I'm looking for the (1) name and (2) a (cleaner) method in R (base and data.table preferred) of the following.
Input
> d1
id x y
1 1 1 NA
2 2 NA 3
3 3 4 NA
> d2
id x y z
1 4 NA 30 a
2 3 20 2 b
3 2 14 NA c
4 1 15 97 d
(note that the actual data.frames have hundreds of columns)
Expected output:
> d1
id x y z
1 1 1 97 d
2 2 14 3 c
3 3 4 2 b
Data and current solution:
d1 <- data.frame(id = 1:3, x = c(1, NA, 4), y = c(NA, 3, NA))
d2 <- data.frame(id = 4:1, x = c(NA, 20, 14, 15), y = c(30, 2, NA, 97), z = letters[1:4])
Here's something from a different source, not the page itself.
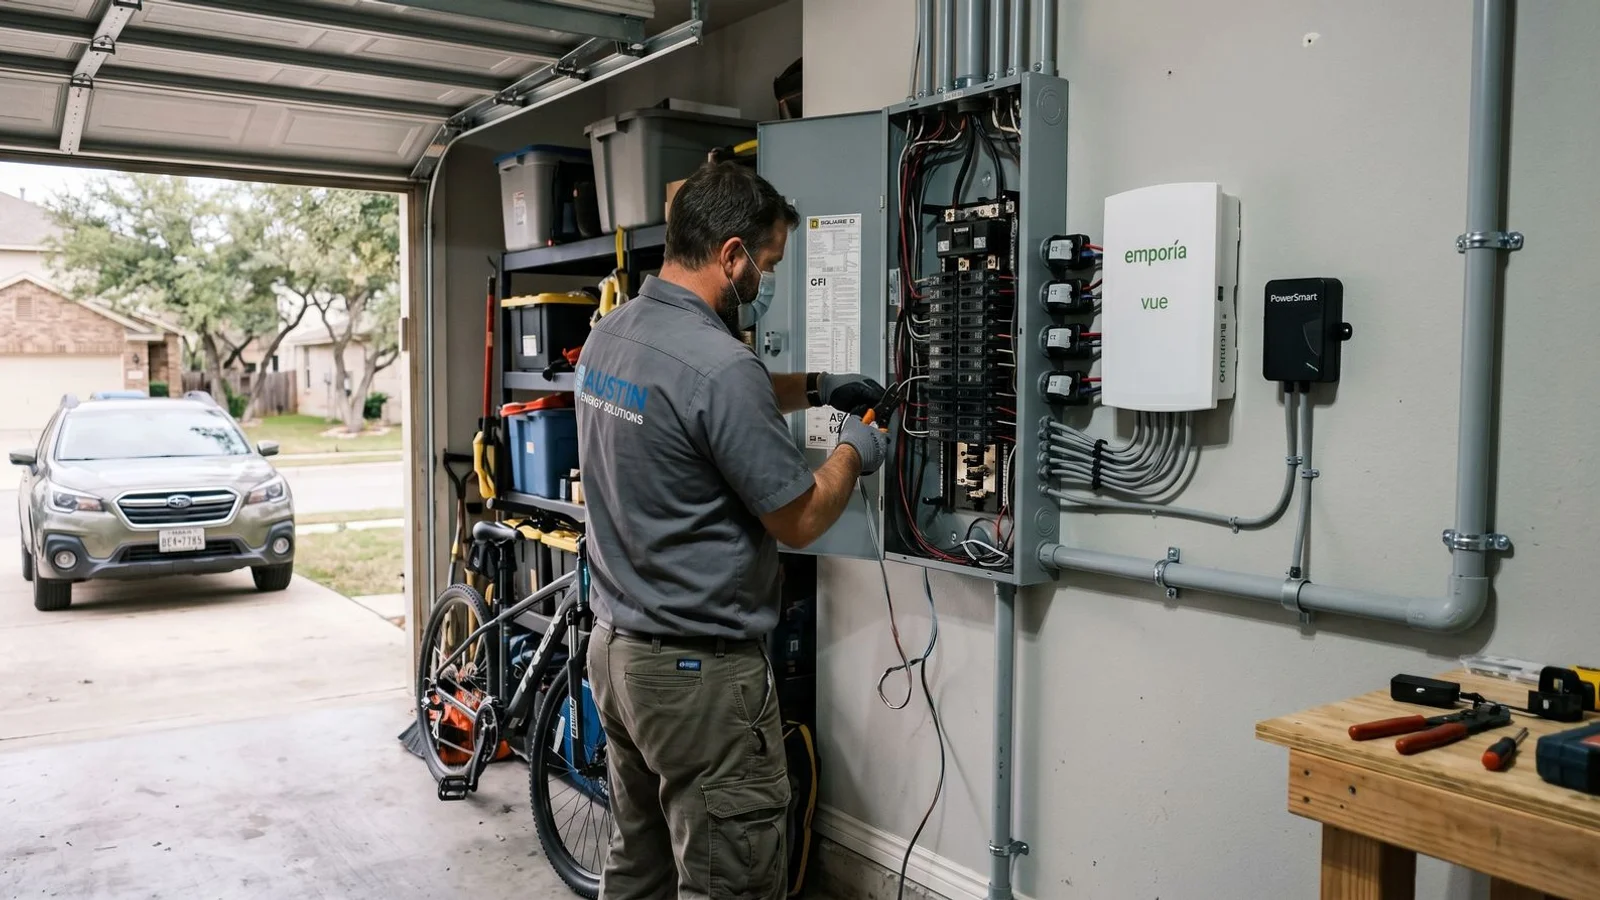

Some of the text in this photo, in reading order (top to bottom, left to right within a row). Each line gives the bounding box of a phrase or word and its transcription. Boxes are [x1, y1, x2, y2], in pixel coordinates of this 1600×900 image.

[1140, 296, 1169, 310] vue
[1270, 293, 1318, 303] PowerSmart
[584, 367, 649, 412] AUSTIN
[580, 391, 644, 426] ENERGY SOLUTIONS
for (col in setdiff(names(d1), "id")) {
# If missing look in d2
missing <- is.na(d1[[col]])
d1[missing, col] <- d2[match(d1$id[missing], d2$id), col]
}
for (col in setdiff(names(d2), names(d1))) {
# If column missing then add
d1[[col]] <- d2[match(d1$id, d2$id), col]
}
PS:
Likely this questions has been asked before but I'm lacking in vocabulary to search it.